= What is expected =
Reproduce the entries below, please. Keep every character the same.

# # # # # # #

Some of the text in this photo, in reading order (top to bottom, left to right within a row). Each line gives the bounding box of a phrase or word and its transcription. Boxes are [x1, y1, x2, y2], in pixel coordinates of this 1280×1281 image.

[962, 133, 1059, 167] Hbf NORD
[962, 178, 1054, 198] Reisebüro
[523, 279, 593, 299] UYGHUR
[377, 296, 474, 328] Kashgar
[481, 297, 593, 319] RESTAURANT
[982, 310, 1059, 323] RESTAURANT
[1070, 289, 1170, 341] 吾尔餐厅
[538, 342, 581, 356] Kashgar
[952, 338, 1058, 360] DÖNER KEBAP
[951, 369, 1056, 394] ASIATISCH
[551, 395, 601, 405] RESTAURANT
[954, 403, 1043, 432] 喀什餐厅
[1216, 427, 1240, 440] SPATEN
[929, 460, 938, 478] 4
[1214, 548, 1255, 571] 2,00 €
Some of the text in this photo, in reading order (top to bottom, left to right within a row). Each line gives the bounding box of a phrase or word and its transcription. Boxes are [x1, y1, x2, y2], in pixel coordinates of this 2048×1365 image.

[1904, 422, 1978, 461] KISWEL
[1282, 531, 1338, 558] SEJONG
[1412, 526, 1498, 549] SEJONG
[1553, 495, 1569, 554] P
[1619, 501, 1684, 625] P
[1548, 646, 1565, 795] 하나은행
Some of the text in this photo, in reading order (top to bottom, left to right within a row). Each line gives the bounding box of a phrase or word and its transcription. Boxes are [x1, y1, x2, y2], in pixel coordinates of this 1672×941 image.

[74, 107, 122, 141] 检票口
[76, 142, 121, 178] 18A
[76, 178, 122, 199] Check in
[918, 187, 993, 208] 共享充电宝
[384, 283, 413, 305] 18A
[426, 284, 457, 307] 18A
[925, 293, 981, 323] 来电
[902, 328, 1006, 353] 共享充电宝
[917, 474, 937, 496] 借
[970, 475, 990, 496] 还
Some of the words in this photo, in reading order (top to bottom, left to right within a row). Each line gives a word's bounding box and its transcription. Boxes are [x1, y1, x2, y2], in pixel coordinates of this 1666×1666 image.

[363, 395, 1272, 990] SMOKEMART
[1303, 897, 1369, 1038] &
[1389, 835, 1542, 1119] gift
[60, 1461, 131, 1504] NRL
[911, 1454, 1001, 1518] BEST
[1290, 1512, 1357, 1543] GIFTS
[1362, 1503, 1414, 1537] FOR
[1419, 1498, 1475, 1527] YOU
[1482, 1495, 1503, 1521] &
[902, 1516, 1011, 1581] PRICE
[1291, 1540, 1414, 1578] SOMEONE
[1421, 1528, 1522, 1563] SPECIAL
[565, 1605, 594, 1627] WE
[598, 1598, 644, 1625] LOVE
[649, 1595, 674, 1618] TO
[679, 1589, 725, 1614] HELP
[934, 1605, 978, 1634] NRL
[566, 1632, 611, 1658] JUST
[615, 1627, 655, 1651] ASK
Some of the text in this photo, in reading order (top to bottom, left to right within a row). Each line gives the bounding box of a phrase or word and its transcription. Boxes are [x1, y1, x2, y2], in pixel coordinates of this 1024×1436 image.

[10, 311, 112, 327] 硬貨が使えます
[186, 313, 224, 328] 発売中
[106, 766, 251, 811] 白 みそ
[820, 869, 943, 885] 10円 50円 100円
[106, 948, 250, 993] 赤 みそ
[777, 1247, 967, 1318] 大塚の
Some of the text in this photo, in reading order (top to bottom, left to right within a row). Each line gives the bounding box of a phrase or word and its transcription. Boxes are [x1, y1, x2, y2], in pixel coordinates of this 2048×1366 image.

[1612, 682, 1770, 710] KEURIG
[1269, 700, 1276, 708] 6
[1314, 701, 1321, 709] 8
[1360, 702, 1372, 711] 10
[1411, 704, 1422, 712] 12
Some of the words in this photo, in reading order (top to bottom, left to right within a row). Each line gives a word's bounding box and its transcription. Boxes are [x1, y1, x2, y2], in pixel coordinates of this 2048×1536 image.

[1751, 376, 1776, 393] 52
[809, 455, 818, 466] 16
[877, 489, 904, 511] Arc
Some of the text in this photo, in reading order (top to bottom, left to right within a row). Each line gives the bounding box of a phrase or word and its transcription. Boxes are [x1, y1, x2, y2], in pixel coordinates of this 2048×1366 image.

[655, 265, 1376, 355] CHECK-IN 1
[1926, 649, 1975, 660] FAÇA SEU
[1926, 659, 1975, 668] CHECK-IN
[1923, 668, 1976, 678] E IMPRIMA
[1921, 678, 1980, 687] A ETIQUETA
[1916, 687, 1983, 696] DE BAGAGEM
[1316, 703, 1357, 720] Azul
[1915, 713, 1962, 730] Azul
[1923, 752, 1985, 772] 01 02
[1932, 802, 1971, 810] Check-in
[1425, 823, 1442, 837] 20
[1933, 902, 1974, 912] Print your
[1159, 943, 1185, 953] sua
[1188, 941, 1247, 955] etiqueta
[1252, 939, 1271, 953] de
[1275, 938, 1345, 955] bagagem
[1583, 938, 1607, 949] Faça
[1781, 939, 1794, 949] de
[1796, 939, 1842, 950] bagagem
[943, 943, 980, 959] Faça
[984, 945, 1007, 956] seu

# # # # # # #

= Problem solution =
Some of the text in this photo, in reading order (top to bottom, left to right within a row). Each line gives the bounding box of a phrase or word and its transcription. Boxes are [x1, y1, x2, y2], in pixel coordinates of this 1280×1281 image.

[962, 133, 1059, 167] Hbf NORD
[962, 178, 1054, 198] Reisebüro
[523, 279, 593, 299] UYGHUR
[377, 296, 474, 328] Kashgar
[481, 297, 593, 319] RESTAURANT
[982, 310, 1059, 323] RESTAURANT
[1070, 289, 1170, 341] 吾尔餐厅
[538, 342, 581, 356] Kashgar
[952, 338, 1058, 360] DÖNER KEBAP
[951, 369, 1056, 394] ASIATISCH
[551, 395, 601, 405] RESTAURANT
[954, 403, 1043, 432] 喀什餐厅
[1216, 427, 1240, 440] SPATEN
[929, 460, 938, 478] 4
[1214, 548, 1255, 571] 2,00 €
Some of the text in this photo, in reading order (top to bottom, left to right within a row). Each line gives the bounding box of a phrase or word and its transcription. Boxes are [x1, y1, x2, y2], in pixel coordinates of this 2048×1365 image.

[1904, 422, 1978, 461] KISWEL
[1282, 531, 1338, 558] SEJONG
[1412, 526, 1498, 549] SEJONG
[1553, 495, 1569, 554] P
[1619, 501, 1684, 625] P
[1548, 646, 1565, 795] 하나은행
Some of the text in this photo, in reading order (top to bottom, left to right within a row). Each line gives the bounding box of a phrase or word and its transcription. Boxes are [x1, y1, x2, y2], in pixel coordinates of this 1672×941 image.

[74, 107, 122, 141] 检票口
[76, 142, 121, 178] 18A
[76, 178, 122, 199] Check in
[918, 187, 993, 208] 共享充电宝
[384, 283, 413, 305] 18A
[426, 284, 457, 307] 18A
[925, 293, 981, 323] 来电
[902, 328, 1006, 353] 共享充电宝
[917, 474, 937, 496] 借
[970, 475, 990, 496] 还
Some of the words in this photo, in reading order (top to bottom, left to right within a row). Each line gives a word's bounding box and its transcription. Boxes are [x1, y1, x2, y2], in pixel coordinates of this 1666×1666 image.

[363, 395, 1272, 990] SMOKEMART
[1303, 897, 1369, 1038] &
[1389, 835, 1542, 1119] gift
[60, 1461, 131, 1504] NRL
[911, 1454, 1001, 1518] BEST
[1290, 1512, 1357, 1543] GIFTS
[1362, 1503, 1414, 1537] FOR
[1419, 1498, 1475, 1527] YOU
[1482, 1495, 1503, 1521] &
[902, 1516, 1011, 1581] PRICE
[1291, 1540, 1414, 1578] SOMEONE
[1421, 1528, 1522, 1563] SPECIAL
[565, 1605, 594, 1627] WE
[598, 1598, 644, 1625] LOVE
[649, 1595, 674, 1618] TO
[679, 1589, 725, 1614] HELP
[934, 1605, 978, 1634] NRL
[566, 1632, 611, 1658] JUST
[615, 1627, 655, 1651] ASK
Some of the text in this photo, in reading order (top to bottom, left to right within a row). Each line gives the bounding box of a phrase or word and its transcription. Boxes are [x1, y1, x2, y2], in pixel coordinates of this 1024×1436 image.

[10, 311, 112, 327] 硬貨が使えます
[186, 313, 224, 328] 発売中
[106, 766, 251, 811] 白 みそ
[820, 869, 943, 885] 10円 50円 100円
[106, 948, 250, 993] 赤 みそ
[777, 1247, 967, 1318] 大塚の
Some of the text in this photo, in reading order (top to bottom, left to right within a row). Each line gives the bounding box of a phrase or word and its transcription. Boxes are [x1, y1, x2, y2], in pixel coordinates of this 2048×1366 image.

[1612, 682, 1770, 710] KEURIG
[1269, 700, 1276, 708] 6
[1314, 701, 1321, 709] 8
[1360, 702, 1372, 711] 10
[1411, 704, 1422, 712] 12
Some of the words in this photo, in reading order (top to bottom, left to right within a row). Each line gives a word's bounding box and its transcription. Boxes are [x1, y1, x2, y2], in pixel coordinates of this 2048×1536 image.

[1751, 376, 1776, 393] 52
[809, 455, 818, 466] 16
[877, 489, 904, 511] Arc
Some of the text in this photo, in reading order (top to bottom, left to right within a row). Each line gives the bounding box of a phrase or word and its transcription. Boxes are [x1, y1, x2, y2], in pixel coordinates of this 2048×1366 image.

[655, 265, 1376, 355] CHECK-IN 1
[1926, 649, 1975, 660] FAÇA SEU
[1926, 659, 1975, 668] CHECK-IN
[1923, 668, 1976, 678] E IMPRIMA
[1921, 678, 1980, 687] A ETIQUETA
[1916, 687, 1983, 696] DE BAGAGEM
[1316, 703, 1357, 720] Azul
[1915, 713, 1962, 730] Azul
[1923, 752, 1985, 772] 01 02
[1932, 802, 1971, 810] Check-in
[1425, 823, 1442, 837] 20
[1933, 902, 1974, 912] Print your
[1159, 943, 1185, 953] sua
[1188, 941, 1247, 955] etiqueta
[1252, 939, 1271, 953] de
[1275, 938, 1345, 955] bagagem
[1583, 938, 1607, 949] Faça
[1781, 939, 1794, 949] de
[1796, 939, 1842, 950] bagagem
[943, 943, 980, 959] Faça
[984, 945, 1007, 956] seu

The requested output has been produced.